- _WHAT YOU ARE ASKED TO DO_:
Return an exact copy of the entries, skipping any picture you find.

- _DATA IN THIS EXERCISE_:
···

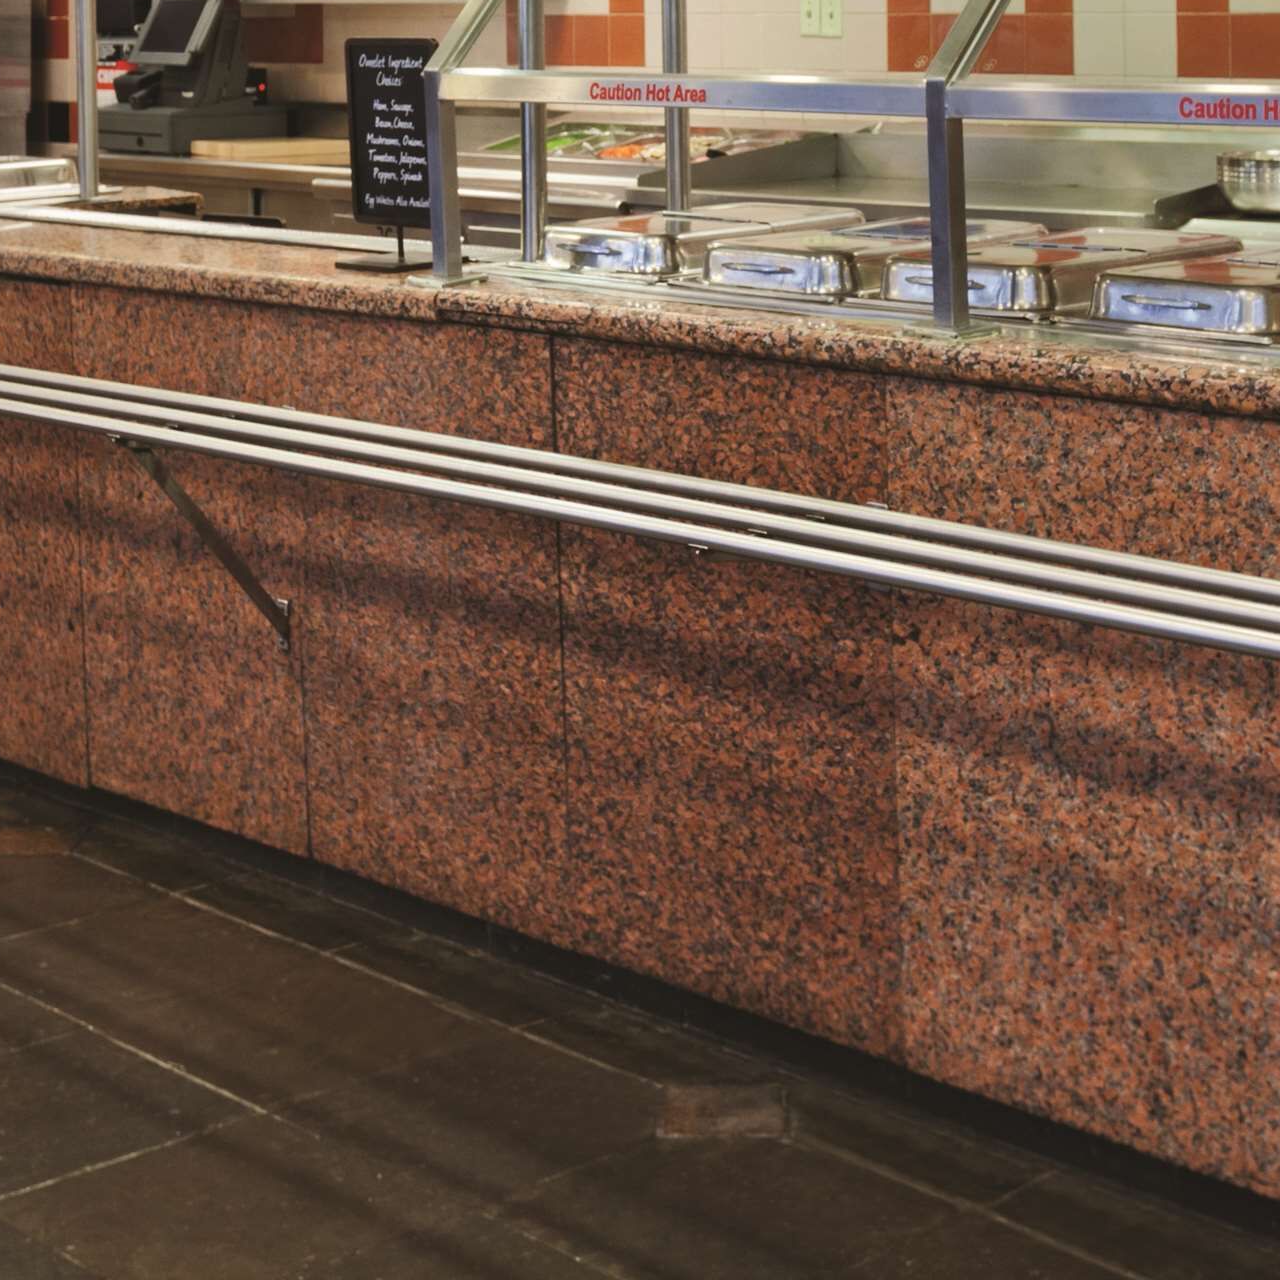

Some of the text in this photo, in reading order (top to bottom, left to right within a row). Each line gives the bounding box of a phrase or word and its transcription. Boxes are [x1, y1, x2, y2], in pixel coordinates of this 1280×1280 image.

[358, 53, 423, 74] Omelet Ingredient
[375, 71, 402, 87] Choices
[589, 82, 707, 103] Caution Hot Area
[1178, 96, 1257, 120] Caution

···

- _SOLUTION_:
Some of the text in this photo, in reading order (top to bottom, left to right within a row). Each line gives the bounding box of a phrase or word and its transcription. Boxes are [x1, y1, x2, y2], in pixel coordinates of this 1280×1280 image.

[358, 53, 423, 74] Omelet Ingredient
[375, 71, 402, 87] Choices
[589, 82, 707, 103] Caution Hot Area
[1178, 96, 1257, 120] Caution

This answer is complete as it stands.